See also: Machine learning terms
Natural Language Processing (NLP) is the subfield of artificial intelligence and machine learning concerned with enabling computers to read, interpret, generate, and reason about human language in text and speech form. NLP sits at the intersection of computer science, linguistics, and statistics. It powers nearly every consumer-facing product that uses written or spoken language, from web search and machine translation to chatbots like ChatGPT, Claude, and Gemini.
This page is the gateway hub for NLP-related entries on the AI Wiki. It introduces the central ideas, surveys the modern landscape dominated by large language models, and provides a curated index of every NLP concept and model with its own dedicated wiki page.
brief history of natural language processing
The history of NLP spans roughly seven decades and is conventionally divided into four eras:
| Era | Years | Dominant approach | Representative milestones |
|---|
| Symbolic / rule-based | 1950s to late 1980s | Hand-written grammars and logic | Georgetown-IBM translation demo (1954), ELIZA (1966), SHRDLU (1970) |
| Statistical | late 1980s to 2010 | Probability theory, HMMs, n-gram models, CRFs | IBM Candide SMT, Penn Treebank (1993), maximum-entropy taggers |
| Neural / distributional | 2010 to 2017 | Word embeddings, RNNs, LSTMs, seq2seq | Word2Vec (2013), GloVe (2014), Bahdanau attention (2014), GNMT (2016) |
| Transformer / foundation-model | 2017 to present | Self-attention, Transformer, large-scale pre-training, instruction tuning | “Attention Is All You Need” (2017), BERT (2018), GPT-3 (2020), ChatGPT (2022), GPT-4 (2023) |
The field shifted decisively in 2017 when Google researchers published “Attention Is All You Need”, introducing the Transformer architecture.

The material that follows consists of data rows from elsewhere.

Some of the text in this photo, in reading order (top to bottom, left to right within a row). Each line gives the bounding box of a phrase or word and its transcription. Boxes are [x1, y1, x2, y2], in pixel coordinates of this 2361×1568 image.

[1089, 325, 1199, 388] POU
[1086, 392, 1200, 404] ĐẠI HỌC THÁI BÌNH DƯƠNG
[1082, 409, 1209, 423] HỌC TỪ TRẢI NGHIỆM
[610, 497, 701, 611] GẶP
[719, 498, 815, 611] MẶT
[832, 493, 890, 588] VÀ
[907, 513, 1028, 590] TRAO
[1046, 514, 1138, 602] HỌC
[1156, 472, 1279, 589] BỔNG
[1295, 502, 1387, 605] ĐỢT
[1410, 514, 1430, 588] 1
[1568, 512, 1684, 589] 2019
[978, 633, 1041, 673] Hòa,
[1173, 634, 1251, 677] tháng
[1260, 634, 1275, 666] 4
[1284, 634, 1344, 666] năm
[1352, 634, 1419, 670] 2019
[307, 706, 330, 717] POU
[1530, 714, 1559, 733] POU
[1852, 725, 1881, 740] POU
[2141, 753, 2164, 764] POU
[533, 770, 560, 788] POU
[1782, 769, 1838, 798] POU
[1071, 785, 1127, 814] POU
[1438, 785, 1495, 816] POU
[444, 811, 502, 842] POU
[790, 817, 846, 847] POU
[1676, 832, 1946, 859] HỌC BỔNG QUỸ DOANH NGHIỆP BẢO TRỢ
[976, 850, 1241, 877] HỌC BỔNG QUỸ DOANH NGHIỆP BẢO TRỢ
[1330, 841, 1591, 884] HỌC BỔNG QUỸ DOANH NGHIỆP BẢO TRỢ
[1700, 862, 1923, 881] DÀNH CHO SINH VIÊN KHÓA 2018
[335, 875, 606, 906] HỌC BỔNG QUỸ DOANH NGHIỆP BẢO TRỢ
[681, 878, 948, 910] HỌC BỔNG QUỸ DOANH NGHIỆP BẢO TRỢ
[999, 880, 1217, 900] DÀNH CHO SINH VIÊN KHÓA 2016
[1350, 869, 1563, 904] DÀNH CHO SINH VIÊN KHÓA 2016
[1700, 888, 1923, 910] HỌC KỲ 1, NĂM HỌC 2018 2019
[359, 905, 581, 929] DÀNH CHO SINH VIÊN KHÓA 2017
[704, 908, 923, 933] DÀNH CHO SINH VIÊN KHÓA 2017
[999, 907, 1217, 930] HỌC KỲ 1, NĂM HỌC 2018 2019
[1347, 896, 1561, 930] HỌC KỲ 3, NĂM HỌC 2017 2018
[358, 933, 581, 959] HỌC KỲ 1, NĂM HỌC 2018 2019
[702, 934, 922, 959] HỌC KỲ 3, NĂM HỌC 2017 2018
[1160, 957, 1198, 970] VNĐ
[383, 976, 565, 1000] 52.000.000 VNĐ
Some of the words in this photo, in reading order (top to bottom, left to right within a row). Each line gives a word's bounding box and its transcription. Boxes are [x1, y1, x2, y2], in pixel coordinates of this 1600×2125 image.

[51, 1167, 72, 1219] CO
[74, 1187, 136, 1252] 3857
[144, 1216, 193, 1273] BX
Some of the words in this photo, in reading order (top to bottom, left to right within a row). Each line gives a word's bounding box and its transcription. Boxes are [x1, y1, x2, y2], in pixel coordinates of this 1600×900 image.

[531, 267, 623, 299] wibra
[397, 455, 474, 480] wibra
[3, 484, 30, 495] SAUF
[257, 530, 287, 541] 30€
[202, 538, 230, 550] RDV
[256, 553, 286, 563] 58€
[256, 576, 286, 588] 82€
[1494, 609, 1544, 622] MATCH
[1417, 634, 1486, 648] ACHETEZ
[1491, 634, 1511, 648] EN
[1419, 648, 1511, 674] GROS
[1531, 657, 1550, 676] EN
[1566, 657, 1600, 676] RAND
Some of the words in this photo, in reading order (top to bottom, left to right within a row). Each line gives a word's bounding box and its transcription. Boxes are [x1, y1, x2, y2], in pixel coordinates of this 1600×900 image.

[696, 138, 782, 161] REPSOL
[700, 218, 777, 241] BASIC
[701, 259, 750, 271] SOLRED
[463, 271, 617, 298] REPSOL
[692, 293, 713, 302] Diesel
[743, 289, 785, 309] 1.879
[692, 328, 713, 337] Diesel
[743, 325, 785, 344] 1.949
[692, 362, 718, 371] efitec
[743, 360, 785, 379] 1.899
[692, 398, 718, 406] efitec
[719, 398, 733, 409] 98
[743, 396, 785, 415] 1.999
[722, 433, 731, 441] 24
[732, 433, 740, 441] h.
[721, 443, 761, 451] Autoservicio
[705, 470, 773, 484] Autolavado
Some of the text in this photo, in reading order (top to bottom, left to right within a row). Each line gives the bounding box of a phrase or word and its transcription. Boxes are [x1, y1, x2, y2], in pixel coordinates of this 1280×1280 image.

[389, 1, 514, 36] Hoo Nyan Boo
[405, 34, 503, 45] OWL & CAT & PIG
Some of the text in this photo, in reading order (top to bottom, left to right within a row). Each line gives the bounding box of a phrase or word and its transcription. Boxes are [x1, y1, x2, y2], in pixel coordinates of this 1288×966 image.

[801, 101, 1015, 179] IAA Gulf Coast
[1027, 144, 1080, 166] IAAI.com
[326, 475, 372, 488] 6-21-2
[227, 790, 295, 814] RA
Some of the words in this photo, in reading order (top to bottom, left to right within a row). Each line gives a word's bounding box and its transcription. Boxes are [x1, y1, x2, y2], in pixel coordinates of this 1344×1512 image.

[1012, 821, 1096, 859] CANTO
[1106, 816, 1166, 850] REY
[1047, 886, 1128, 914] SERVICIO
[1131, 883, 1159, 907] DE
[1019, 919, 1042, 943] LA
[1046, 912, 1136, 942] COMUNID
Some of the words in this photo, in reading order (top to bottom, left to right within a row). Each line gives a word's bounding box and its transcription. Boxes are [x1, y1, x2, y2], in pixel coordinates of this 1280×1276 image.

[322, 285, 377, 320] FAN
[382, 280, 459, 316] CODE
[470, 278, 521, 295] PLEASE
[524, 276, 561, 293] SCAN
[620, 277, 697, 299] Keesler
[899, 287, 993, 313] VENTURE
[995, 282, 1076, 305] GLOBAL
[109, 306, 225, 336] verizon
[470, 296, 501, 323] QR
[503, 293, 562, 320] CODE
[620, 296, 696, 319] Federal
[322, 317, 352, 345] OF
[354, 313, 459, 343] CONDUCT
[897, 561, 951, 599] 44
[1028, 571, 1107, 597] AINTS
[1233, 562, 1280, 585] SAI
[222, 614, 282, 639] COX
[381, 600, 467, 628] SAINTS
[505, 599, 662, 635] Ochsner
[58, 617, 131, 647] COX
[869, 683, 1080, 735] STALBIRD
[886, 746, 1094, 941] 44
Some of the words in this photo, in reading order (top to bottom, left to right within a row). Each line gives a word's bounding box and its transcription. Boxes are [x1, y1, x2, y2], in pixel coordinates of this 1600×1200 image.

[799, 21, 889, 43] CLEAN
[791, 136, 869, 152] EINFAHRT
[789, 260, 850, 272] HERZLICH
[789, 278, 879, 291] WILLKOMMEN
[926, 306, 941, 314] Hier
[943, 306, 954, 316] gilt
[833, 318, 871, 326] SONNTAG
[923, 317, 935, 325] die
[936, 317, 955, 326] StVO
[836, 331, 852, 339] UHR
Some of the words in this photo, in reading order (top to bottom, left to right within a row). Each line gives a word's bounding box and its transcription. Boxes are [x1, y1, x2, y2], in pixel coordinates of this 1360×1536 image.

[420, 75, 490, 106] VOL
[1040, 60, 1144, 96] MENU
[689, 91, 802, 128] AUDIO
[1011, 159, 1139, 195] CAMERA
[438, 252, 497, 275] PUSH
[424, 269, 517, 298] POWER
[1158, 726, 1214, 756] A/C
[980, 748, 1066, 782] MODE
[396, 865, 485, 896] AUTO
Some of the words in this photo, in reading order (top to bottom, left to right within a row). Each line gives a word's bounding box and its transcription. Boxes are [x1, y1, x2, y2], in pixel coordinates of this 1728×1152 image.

Almost every state-of-the-art NLP system since then is a Transformer variant.
foundational concepts
A handful of building blocks underlie nearly every modern NLP system.
tokens and tokenization
A token is the atomic unit a language model reads or writes. Tokens may be characters, whole words, or, most commonly, subword pieces. Modern models almost always use subword tokenization algorithms such as byte pair encoding (BPE), WordPiece, and SentencePiece / Unigram. Counting is done in tokens, not words; English text averages roughly 0.75 words per token.
embeddings
An embedding is a dense vector of real numbers representing meaning in a continuous space. Geometric proximity encodes semantic similarity: vectors for king and queen land near each other. Embeddings are produced by an embedding layer and live in an embedding space whose dimensionality is typically 256 to 12,288. See embedding vector and vector embeddings.
language models
A language model assigns probabilities to sequences of tokens. Given a context, it can either score the likelihood of a continuation or sample new text. Three architectural families dominate:
A bidirectional language model reads context from both sides at once and is well suited to understanding tasks; a unidirectional language model is well suited to generation.
Attention is a mechanism that lets a model weight different parts of its input when computing a representation. Self-attention lets every token in a sequence attend to every other token; multi-head self-attention runs many such operations in parallel so the model can capture different relations simultaneously. Bahdanau attention (2014) was the first widely cited attention mechanism in NLP; the modern scaled-dot-product version was popularized by the 2017 Transformer paper. Because attention has no inherent notion of word order, models add a positional encoding so position is preserved.
tokenization in depth
The quality of a tokenizer has measurable effects on downstream performance, training cost, and multilingual coverage. The dominant approaches are summarized below.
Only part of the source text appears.